The history of archaeological thought emphasizing recent debates. Evolutionary theories, behavioral archaeology, processual and cognitive archaeology, and approaches termed feminist and post-processual archaeology in the context of wider debate in adjacent disciplines. The application and integration of theory on archaeological problems and issues. Prerequisite: consent of instructor.
Terms: Aut | Units: 5
Instructors: Hodder, I. (PI)

ANTHRO 303E: Infrastructure & Power in the Global South (AFRICAST 303E, HISTORY 303E)

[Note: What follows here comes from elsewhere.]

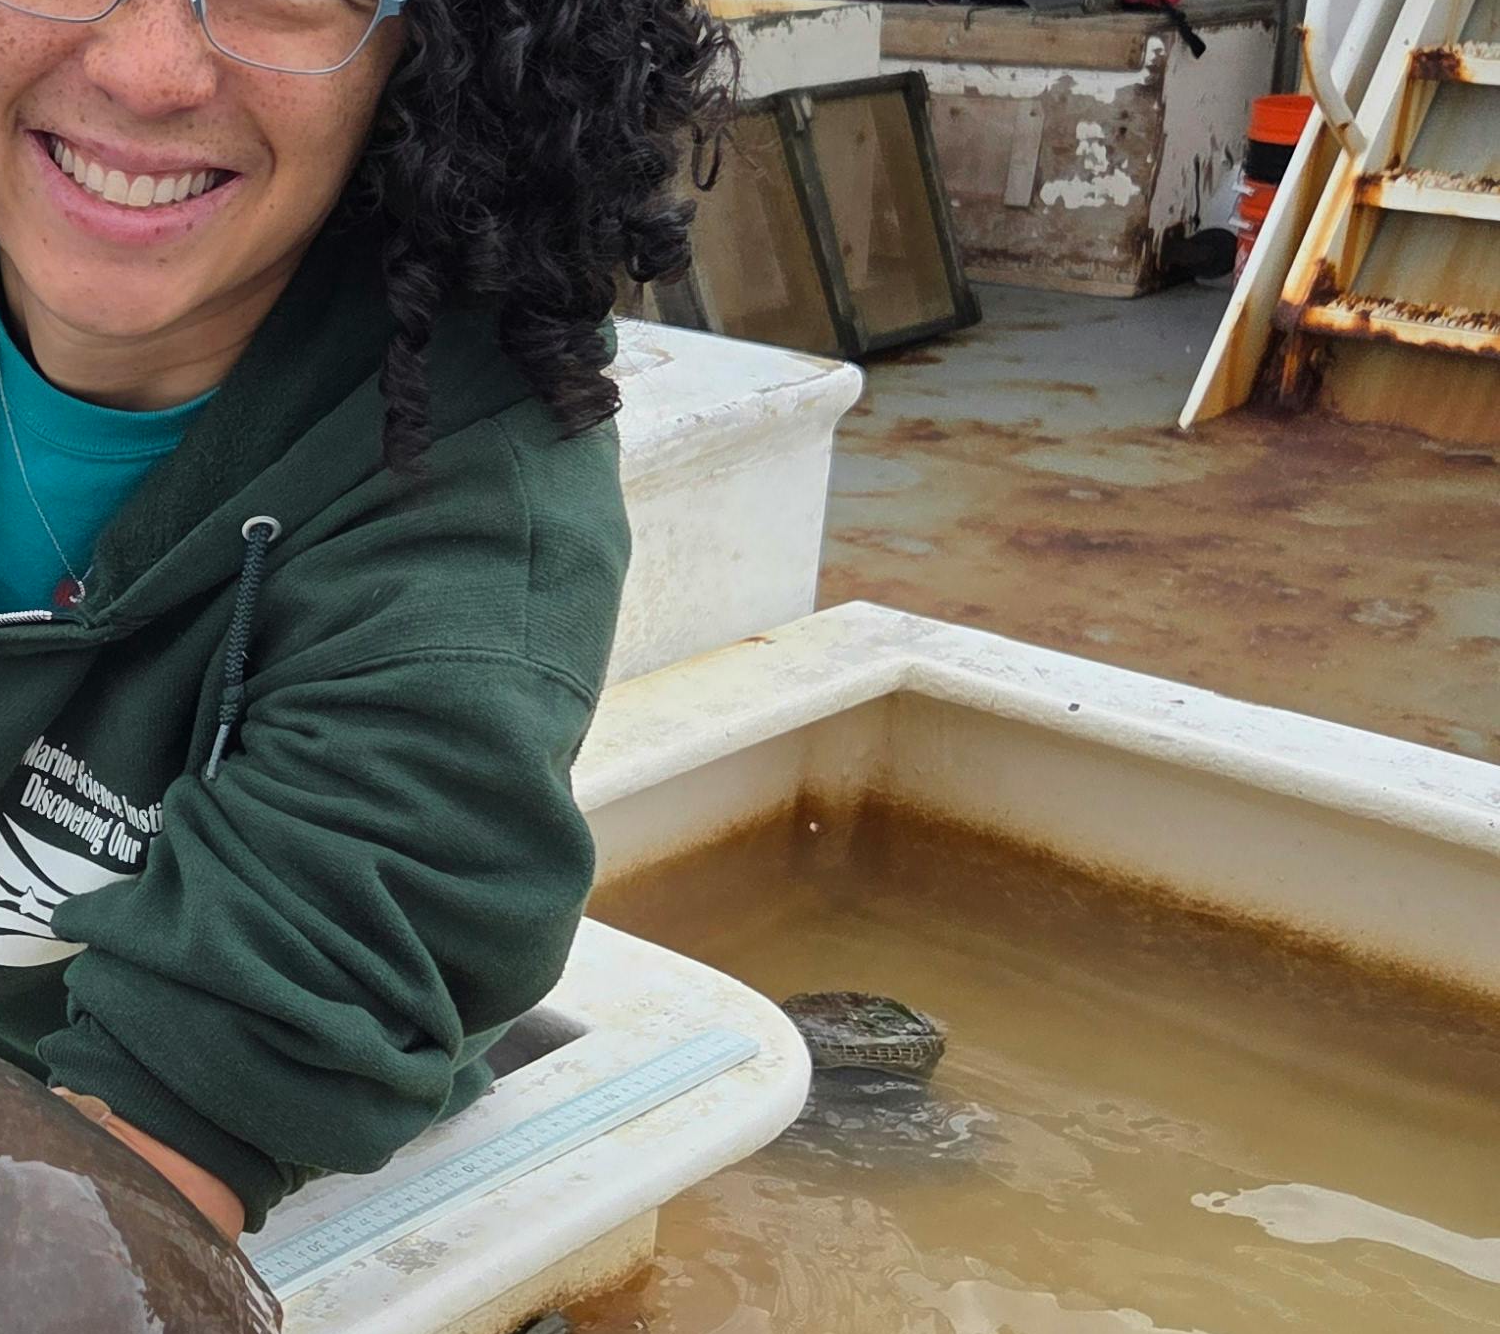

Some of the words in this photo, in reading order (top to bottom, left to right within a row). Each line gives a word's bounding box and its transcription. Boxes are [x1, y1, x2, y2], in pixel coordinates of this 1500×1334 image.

[20, 773, 113, 855] Discovering
[108, 821, 142, 864] Our
[21, 735, 77, 785] Marine
[76, 760, 124, 818] Science

In the last decade, the field of infrastructure studies has entered into conversation with area studies, post/colonial studies, and other scholarship on the "Global South." These intersections have produced dramatic new understandings of what "infrastructures" are, and how to analyze them as conduits of social and political power. This course offers a graduate-level introduction to this recent scholarship, drawing primarily on works from history, anthropology, geography, and architecture.
Last offered: Winter 2019

ANTHRO 304: Data Analysis for Quantitative Research

Univariate, multivariate, and graphical methods used for analyzing quantitative data in anthropological research. Archaeological and paleobiological examples. Recommended: algebra. Prerequisite: consent of instructor.
Last offered: Winter 2015

ANTHRO 305: Research Methods in Ecological Anthropology

The course prepare students for the methodological and practical aspects of doing ecologically oriented, quantitative anthropological field research. The primary goal is to explore what it means to ask anthropological questions in a systematic way. We will focus on understanding what can constitute an interesting question, how to frame a question in way that facilitates investigation, and how to design methods to begin investigating a question. In turn, the course will provide a format to refine research projects in preparation for doing more extensive fieldwork.